We can be generous and say that the big names who are behind this thing or the people who are behind this thing really did have intentions of a certain kind of thing that just didn’t actually end up happening, and that they really felt like this was going to be a game-changer and useful, and they didn’t set out to make a scam perhaps, but it felt like a scam at the end.

Asking for your money back will not hurt you. If you can get your money back, get your money back, because right now it sounds like you were basically an extra who paid to be in the background of a documentary that was filming about this thing. That sucks.

As far as what you can take from this that is meaningful, listen. Sometimes tough experiences do find their ways into other stuff we’re writing down the road. We can think about this experience and reframe it as something that’ll be useful for you down the road, in terms of something you could write. The way you felt about this right now, make sure you’re remembering what this felt like, because you’re going to write characters who have similar feelings somewhere down the road. It’s worth introspecting on that experience.

Were there other people who met during this process, other folks who paid the $3,500, who were at all good, that you can actually at least keep in contact with them, trade your stuff, get a sense of the community around you? Drew and I both went through the Stark program at USC. What I always say about film school is that it’s not nearly as much about the instructors of the class. It’s about everyone who’s in your class together, the fact you’re all trying to do the same things that are so, so helpful. People at your same level are going to be much more useful to you than that one great lecturer. Those are some things you can take from it. Drew, I’m curious what your feelings are.

**Drew:** I am sad that it was such a scam, but at the same time, it was called Comedy Fantasy Camp. There’s Rock and Roll Fantasy Camps. The fantasy camp experience is definitely a thing that’s out there. I think they position themselves as being an industry thing, which undermines it.

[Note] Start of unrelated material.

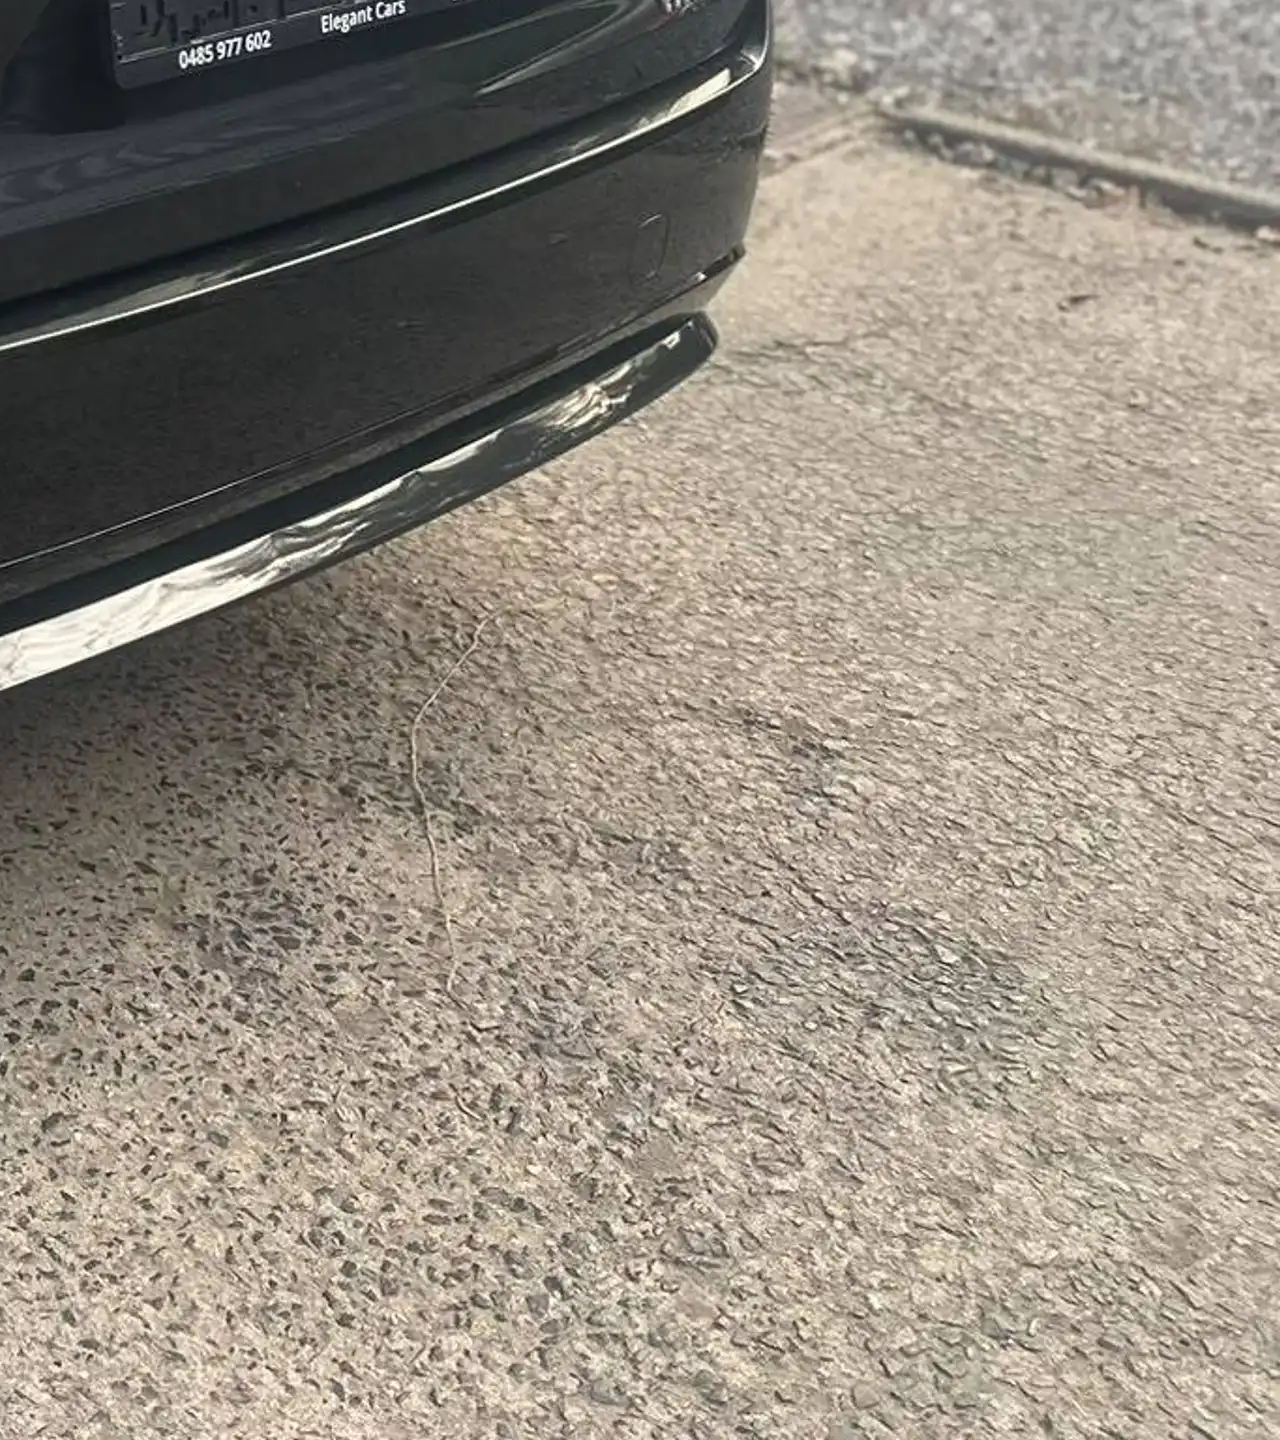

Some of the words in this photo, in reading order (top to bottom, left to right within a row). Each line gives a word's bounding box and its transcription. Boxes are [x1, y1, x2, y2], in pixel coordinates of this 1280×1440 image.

**John:** I’m thinking about this in context of Austin Film Festival, specifically the Screenwriters Conference at Austin, which we go to many years – and we often do a Scriptnotes there – and the ambivalence I feel about how Austin is marketed, as a chance for screenwriters to come together and learn from other screenwriters, and there’s some big names and you get exposure to people, and we do a live Scriptnotes. In that case, it’s a nonprofit, so you don’t feel as bad about it.

If I was approaching this as a person who’s going to Austin to hang out to famous screenwriters, the truth is that famous screenwriters are just hanging out by ourselves. We’re ultimately going to dinner ourselves. We’re going to panels, but we’re not actually sitting around the bar and talking with you all that much. We’re happy to say hello, but there’s thousands of people there, and we’re just ourselves. It’s not going to be transformative the way that a person might hope.

In the case of this Comedy Fantasy Camp, I think there was a reasonable expectation that something kind of transformative could happen. There were promises made about the $1,000 extra for the manager meeting. I think you would have a reasonable expectation that something good could come out of that. Doesn’t seem like it was structured in a way that was even remotely possible.

**Drew:** I do feel like if you are a manager or anyone participating in those, you do have a certain duty to the people who’ve paid for that dinner or something like that, to at least talk to them.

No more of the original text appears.